Flanders already felt anxious enough about persistent medical problems. He had crushed three vertebrae in 1988, when his Volkswagen Rabbit plunged off a road near his ranch. Even after the bones healed, “if he picked up a pencil the wrong way, he’d be in bed for a week,” says Ian. In the past six months, Flanders underwent at least two cataract surgeries in San Francisco. “He was afraid one day he’d wake up and not be able to see,” says Ian.

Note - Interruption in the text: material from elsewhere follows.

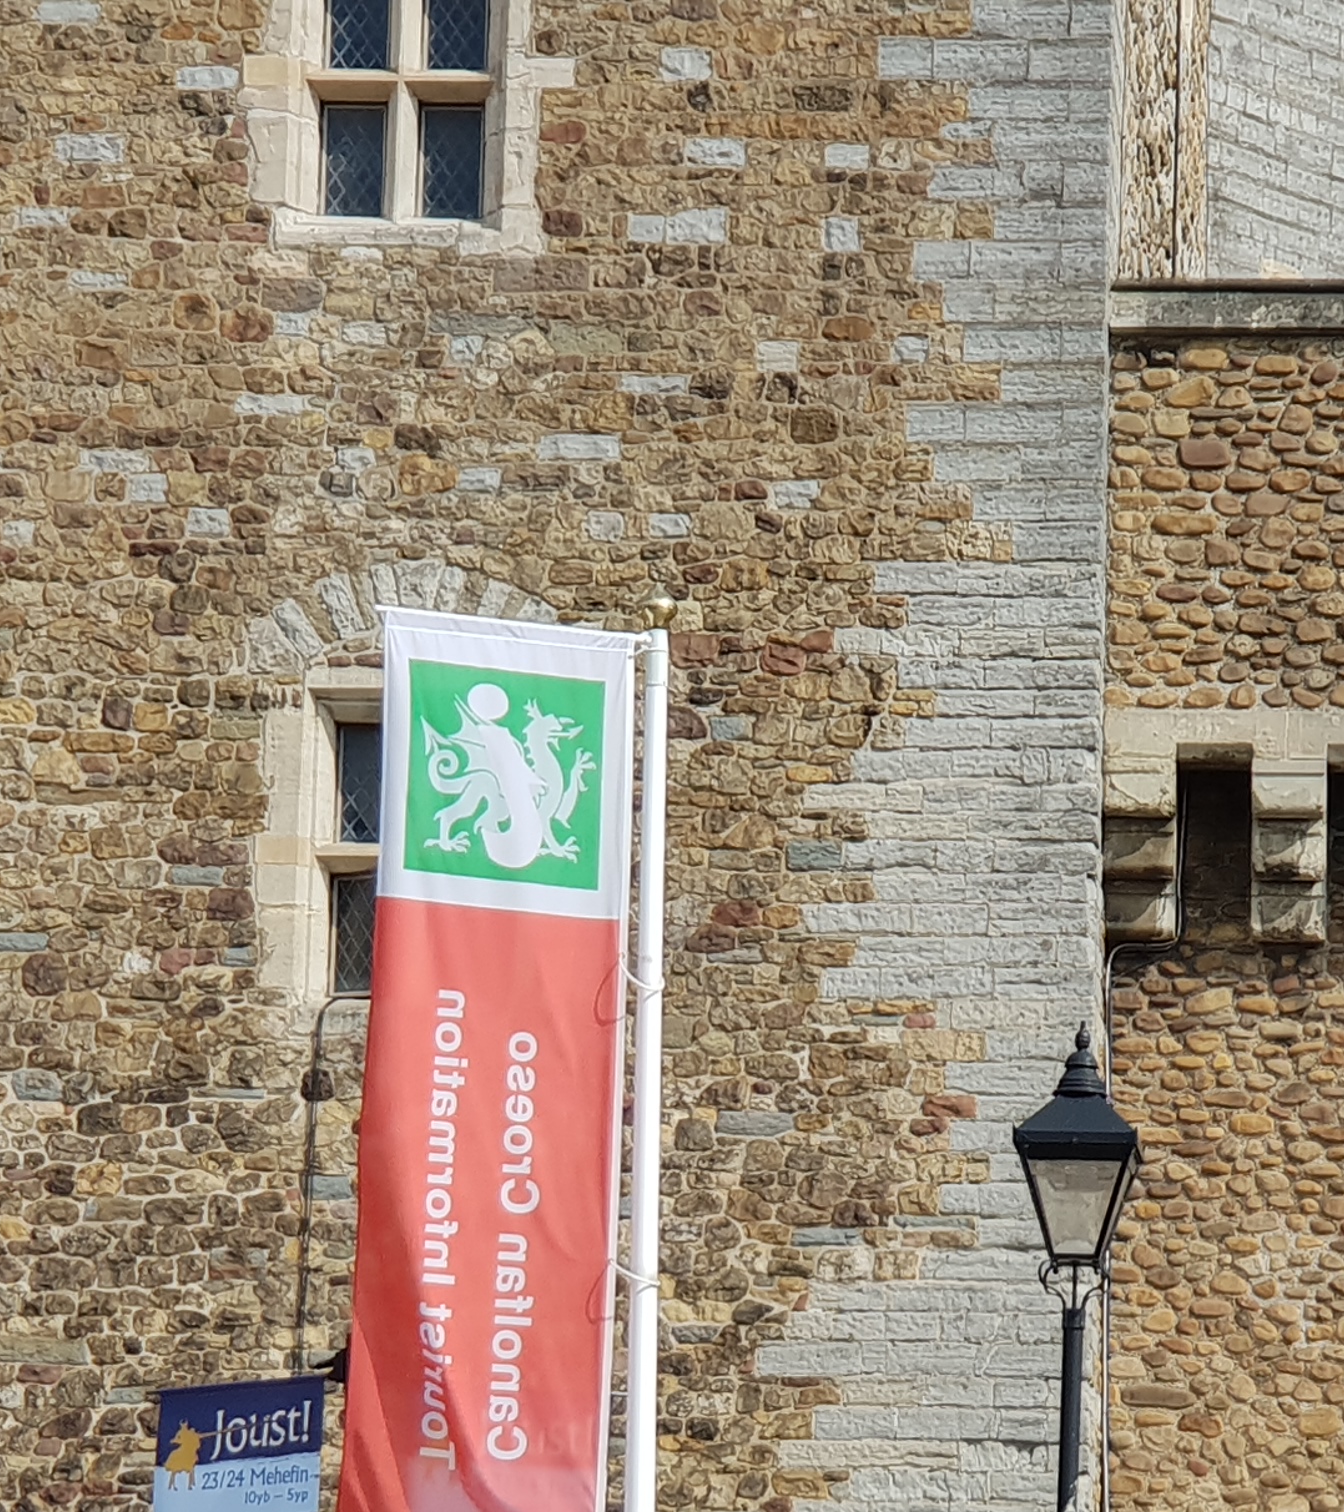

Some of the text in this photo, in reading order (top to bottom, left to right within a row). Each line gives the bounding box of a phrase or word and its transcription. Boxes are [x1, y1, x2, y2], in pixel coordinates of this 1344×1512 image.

[210, 1400, 312, 1460] Joust!
[201, 1465, 309, 1490] 23/24 Mehefin
[245, 1490, 270, 1505] 10yb
[287, 1489, 309, 1503] 5yp

Compounding his misery was the fact that Flanders, an alcoholic who had gone through rehab in the late ’80s, was again drinking heavily, according to the coroner’s report and friends in the area. On his daily 30-mile drive into Willow Creek, the only nearby town large enough to have a post office, he would pick up his mail, do errands and visit bars. Jim Heal, a bartender at Chris’s Forks, says Flanders initially drank soft drinks but switched to screwdrivers a few years ago. “He came in by himself,” says Heal, “and always sat in the same place, at the bar stool right near the door. I think he was a very lonely man.”

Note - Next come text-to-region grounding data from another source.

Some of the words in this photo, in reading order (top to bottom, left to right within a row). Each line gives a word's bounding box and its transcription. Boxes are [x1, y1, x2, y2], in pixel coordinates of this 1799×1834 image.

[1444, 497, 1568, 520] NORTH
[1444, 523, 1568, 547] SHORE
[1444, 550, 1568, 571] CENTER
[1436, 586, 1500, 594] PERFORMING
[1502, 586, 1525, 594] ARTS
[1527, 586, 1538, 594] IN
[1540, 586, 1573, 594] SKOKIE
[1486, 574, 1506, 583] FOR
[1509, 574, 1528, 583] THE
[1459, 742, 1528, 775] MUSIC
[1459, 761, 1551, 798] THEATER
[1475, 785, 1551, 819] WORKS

Ian says his father never recovered from his 1991 divorce from Lambert, 33. That was “a dark event,” says Ian, who also has a half brother and half sister, Scott and Suzanne, from his father’s first marriage.

Ian thinks his father’s real demon was his inability to reach out for help when he needed it, a trait that dated back to his childhood. “He was on his own, emotionally, at a very young age,” says Ian. Flanders was born in Minneapolis in 1934, the youngest of three children of Francis Flanders, a machinist, and his wife, Bernice, a cafe owner. His parents divorced before Ed was 10. Bernice remarried and died soon after, and then the family was broken up. “We never had the camaraderie most kids do,” says his brother, Francis, 64, who lives in Ramona, Calif. “I went with our father, our sister Rene went to a Catholic mission, and Ed went with our uncle.”

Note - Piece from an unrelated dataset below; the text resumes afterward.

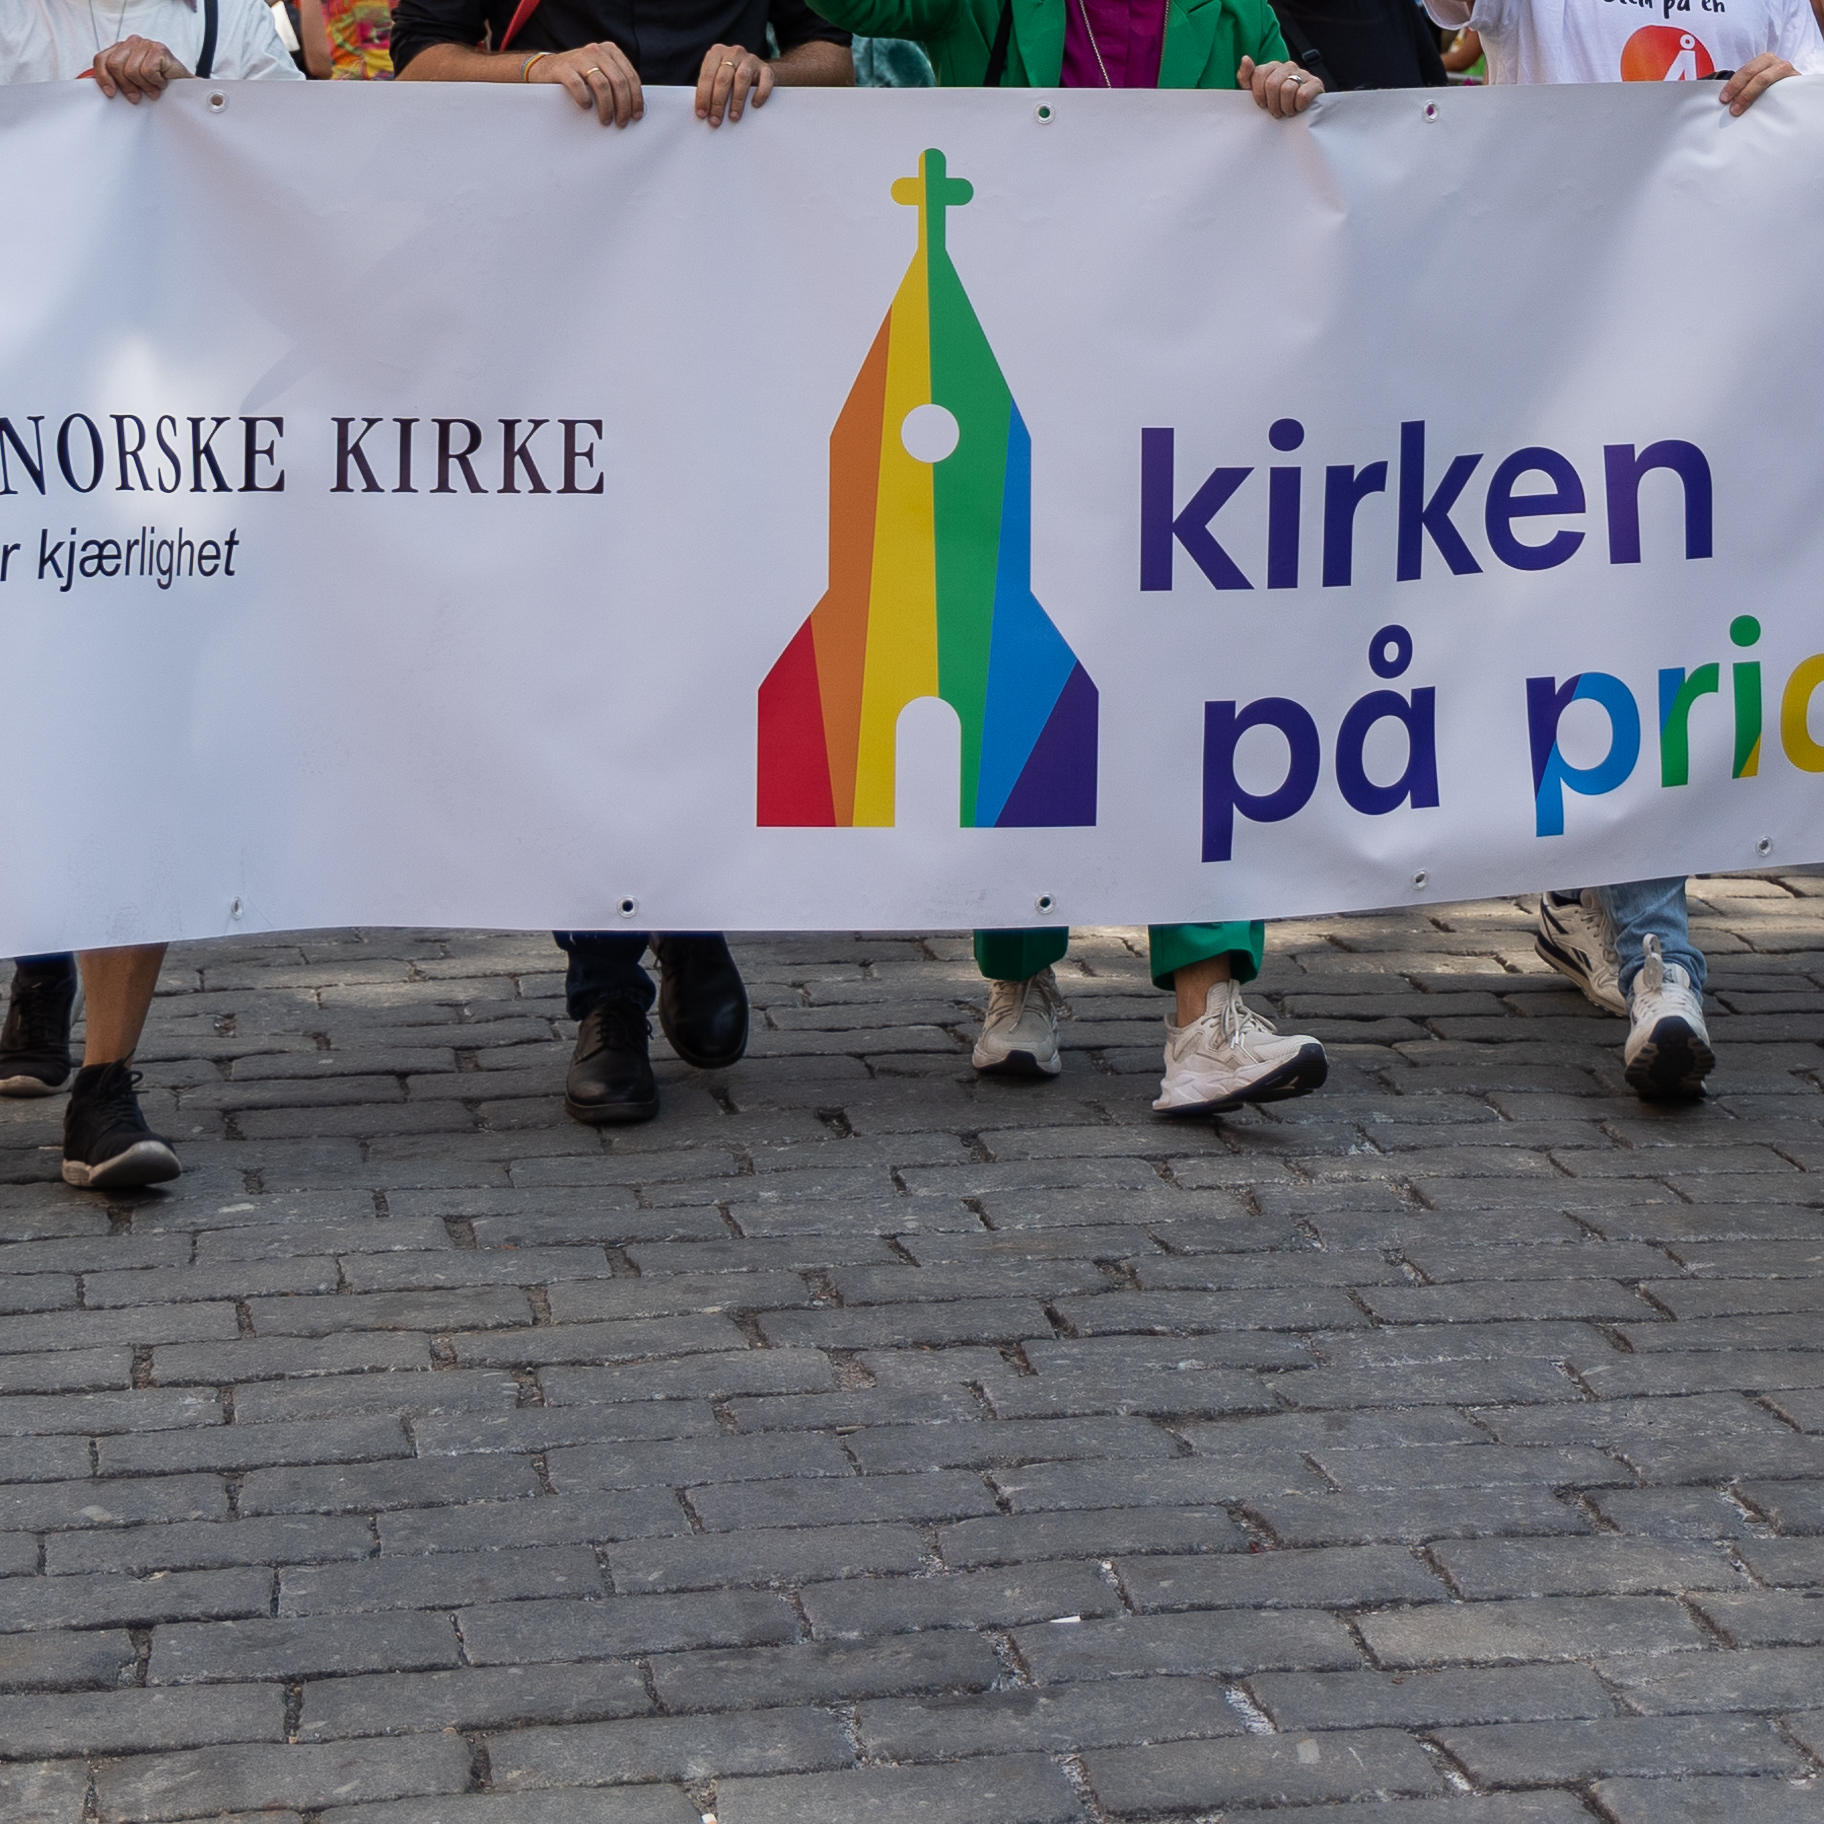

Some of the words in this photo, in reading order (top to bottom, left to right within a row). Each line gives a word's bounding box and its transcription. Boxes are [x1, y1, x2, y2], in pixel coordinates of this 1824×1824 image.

[329, 417, 605, 495] KIRKE
[1139, 418, 1714, 592] kirken
[37, 526, 240, 592] kjærlighet
[1201, 624, 1440, 863] på

After high school, Flanders moved on to San Diego and, at 17, was already acting at the Globe Theater there. During the next 40 years, he worked on stage, in film and on TV, winning a 1974 Tony and a 1976 Emmy for A Moon for the Misbegotten and another Emmy a year later for playing Harry Truman on PBS. But his best-known role was as Dr. Westphall, for which he won a third Emmy in 1983.

Former colleagues from St. Elsewhere remember Flanders as an actor totally focused on his craft. Still, they knew he had problems. Norman Lloyd, who played Dr. Auschlander, believes Flanders “held a great deal in to himself.” During the show’s run, says writer-producer Tom Fontana, “there were times when Ed drank a lot—although he was always able to work.” But, he adds, sadly, “Ed never seemed to get any joy from acting.”

Flanders was, in fact, fed up with Hollywood. “He’d tell me, ‘They pay me to wait. I act for free,’ ” says Ian. Lloyd, when asked about Flanders’ most famous St. Elsewhere moment—he defiantly flashed his derriere at St. Eligius’s corporate owner—comments sadly, “What a way to be remembered if you’re an actor of his quality!”

At the end of his life, Flanders’ only enthusiasms appeared to be the ranch—and Evan, who spent weekends and holidays with his father. Flanders would take Evan with him when he did errands. They often stopped at a Willow Creek bar, Gold Digger, where he would order one screwdriver, says bartender Cherie Dion, “and sit watching Evan at the video games. He was completely in awe of this little person. I think Evan gave him another chance in life.”

Ian believes that is what makes his father’s death even more poignant. “He had to be in so much pain, because he loved that boy,” he says. Flanders’ body has been cremated, and now Ian plans to scatter the ashes along the Pacific coast. “I forgive him,” he says. “He’s not in pain anymore, and for that I am at peace.”